**Task goal**
Please transcribe the listing that follows exactly; images are to be excluded.

[Opening Data shown section]

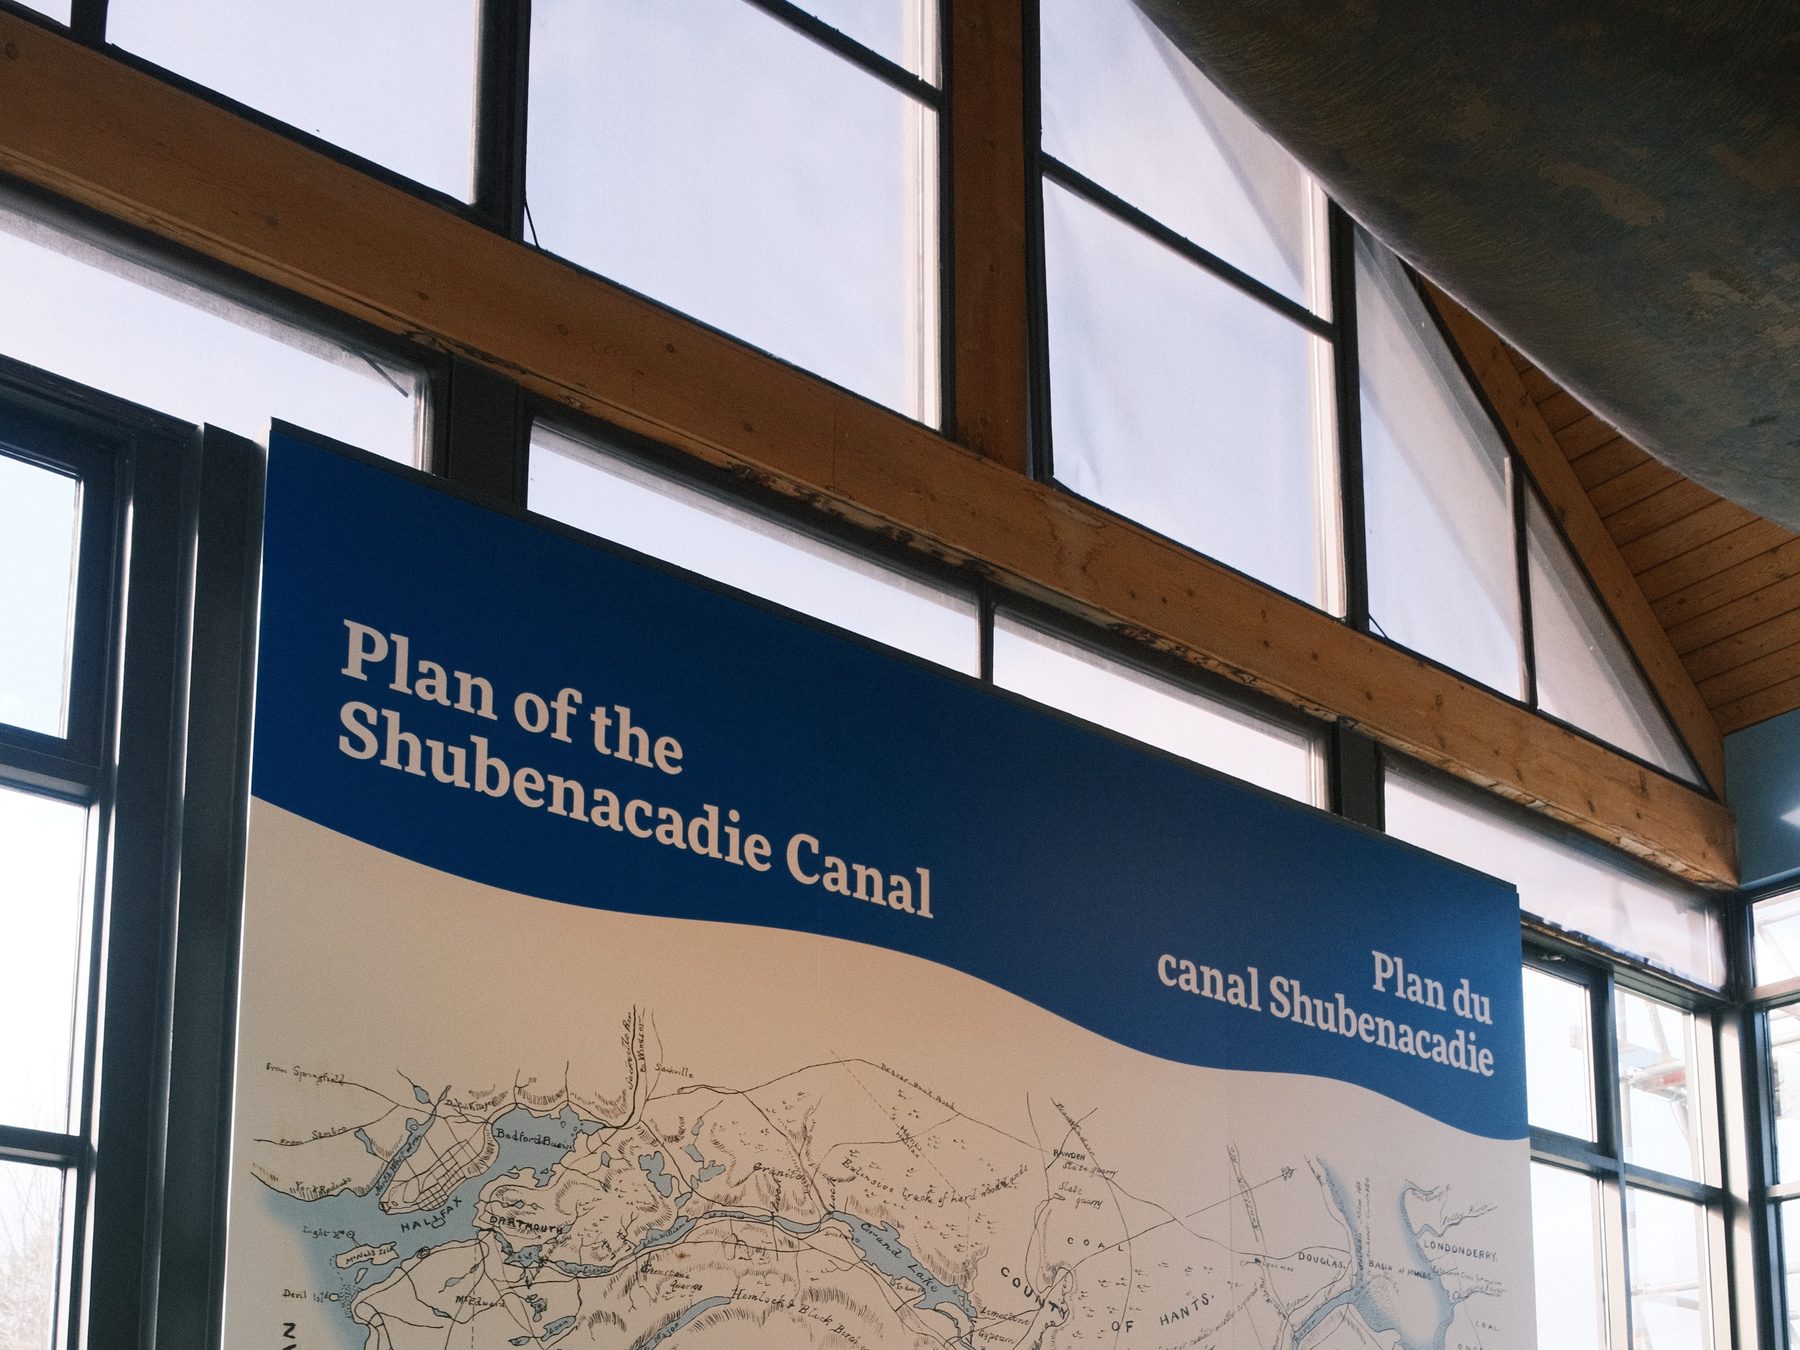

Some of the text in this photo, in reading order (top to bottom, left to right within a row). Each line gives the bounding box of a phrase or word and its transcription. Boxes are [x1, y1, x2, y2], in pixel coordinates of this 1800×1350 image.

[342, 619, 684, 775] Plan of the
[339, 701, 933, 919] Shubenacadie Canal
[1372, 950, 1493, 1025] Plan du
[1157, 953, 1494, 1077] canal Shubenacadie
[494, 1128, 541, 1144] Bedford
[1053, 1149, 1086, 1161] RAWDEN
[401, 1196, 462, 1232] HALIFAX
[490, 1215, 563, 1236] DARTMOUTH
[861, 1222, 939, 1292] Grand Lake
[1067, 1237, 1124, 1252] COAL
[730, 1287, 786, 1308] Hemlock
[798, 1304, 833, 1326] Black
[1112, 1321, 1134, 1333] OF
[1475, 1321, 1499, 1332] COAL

[Closing Data shown section]

**Output below**
Some of the text in this photo, in reading order (top to bottom, left to right within a row). Each line gives the bounding box of a phrase or word and its transcription. Boxes are [x1, y1, x2, y2], in pixel coordinates of this 1800×1350 image.

[342, 619, 684, 775] Plan of the
[339, 701, 933, 919] Shubenacadie Canal
[1372, 950, 1493, 1025] Plan du
[1157, 953, 1494, 1077] canal Shubenacadie
[494, 1128, 541, 1144] Bedford
[1053, 1149, 1086, 1161] RAWDEN
[401, 1196, 462, 1232] HALIFAX
[490, 1215, 563, 1236] DARTMOUTH
[861, 1222, 939, 1292] Grand Lake
[1067, 1237, 1124, 1252] COAL
[730, 1287, 786, 1308] Hemlock
[798, 1304, 833, 1326] Black
[1112, 1321, 1134, 1333] OF
[1475, 1321, 1499, 1332] COAL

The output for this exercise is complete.